Sabato 28 dicembre scorso, Vigilia della Domenica Festa della Santa Famiglia di Nazareth, abbiamo come ogni anno celebrato la famiglia. Il rinnovo delle promesse matrimoniali dei coniugi, la benedizione delle famiglie hanno visto una partecipazione numerosa. L’ascolto della testimonianza di vita di coppia di Alessandro e Silvia e le loro bimbe, ha toccato i cuori di tutti, donando a questa particolare celebrazione un di più di grazia, capace di donare speranza e luce.
Siamo Alessandro e Silvia da Messina, sposati da 9 anni e abbiamo due bambine: Maria Anastasia di 7 anni e Margherita di 4. Qualche mese fa abbiamo accolto l’invito a raccontarvi qualcosa di noi. Ed eccoci qua a consegnarvi un pezzo intimo della nostra storia matrimoniale, che con certezza, possiamo oggi dire che un anno fa Dio ha salvato dalla separazione.
Ci sposiamo l’11 luglio del 2015 e come capita a moltissime coppie, con tanti sogni, aspettative, entusiasmo. Ci sposiamo anche con tanta fede dopo aver frequentato un discreto corso prematrimoniale per consolidare la consapevolezza di cosa sia scegliere il Sacramento del Matrimonio.

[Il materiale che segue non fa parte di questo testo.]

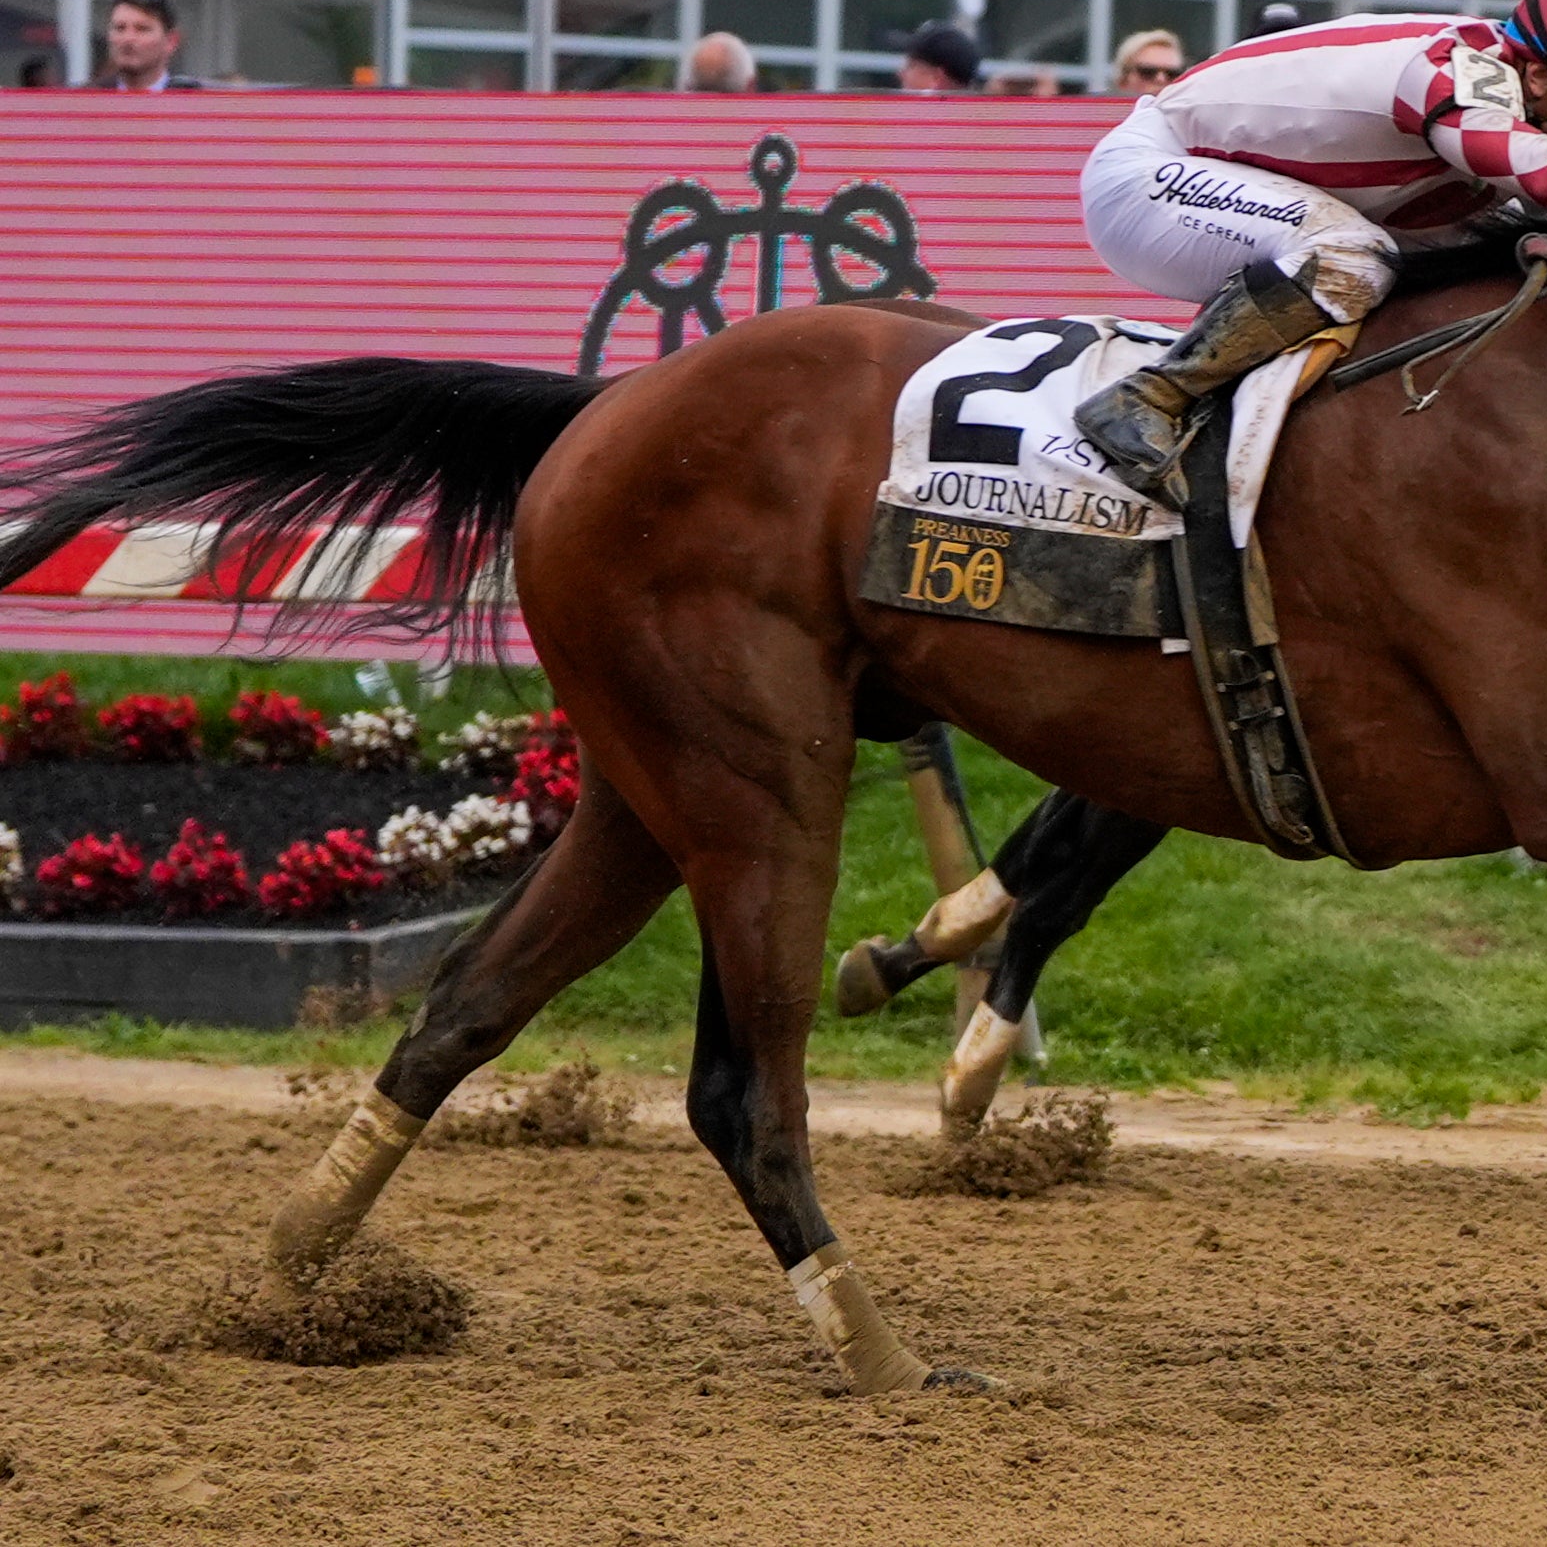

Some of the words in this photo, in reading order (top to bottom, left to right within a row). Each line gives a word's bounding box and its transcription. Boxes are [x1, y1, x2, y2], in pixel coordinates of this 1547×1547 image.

[1149, 162, 1308, 227] Hildebrandt's
[1177, 214, 1202, 230] ICE
[1205, 222, 1257, 249] CREAM
[929, 318, 1102, 466] 2
[912, 517, 1011, 548] PREAKNESS
[915, 470, 1152, 536] JOURNALISM
[901, 538, 1005, 610] 150

Eravamo infatti una giovane coppia di fidanzati attivi sia in Parrocchia che in Diocesi e il nostro SI nel matrimonio era un forte desiderio di voler servire Dio come famiglia nella Chiesa. L’entusiasmo però inizia ad affievolirsi quando subentra la routine quotidiana, problemi lavorativi, ma soprattutto l’arrivo della prima figlia e quindi anche le immancabili stanchezze che fanno cadere il velo della illusione lasciando spazio a tanta delusione. Non abbiamo avuto sostegno per i primi anni di Matrimonio. Nel frattempo, sperando di migliorare, è arrivata Margherita, la seconda figlia, proprio durante il tempo infelice del Covid. Si vive in casa per inerzia, i dialoghi cominciano a diventare litigi aggressivi, iniziamo ad allontanarci sempre di più.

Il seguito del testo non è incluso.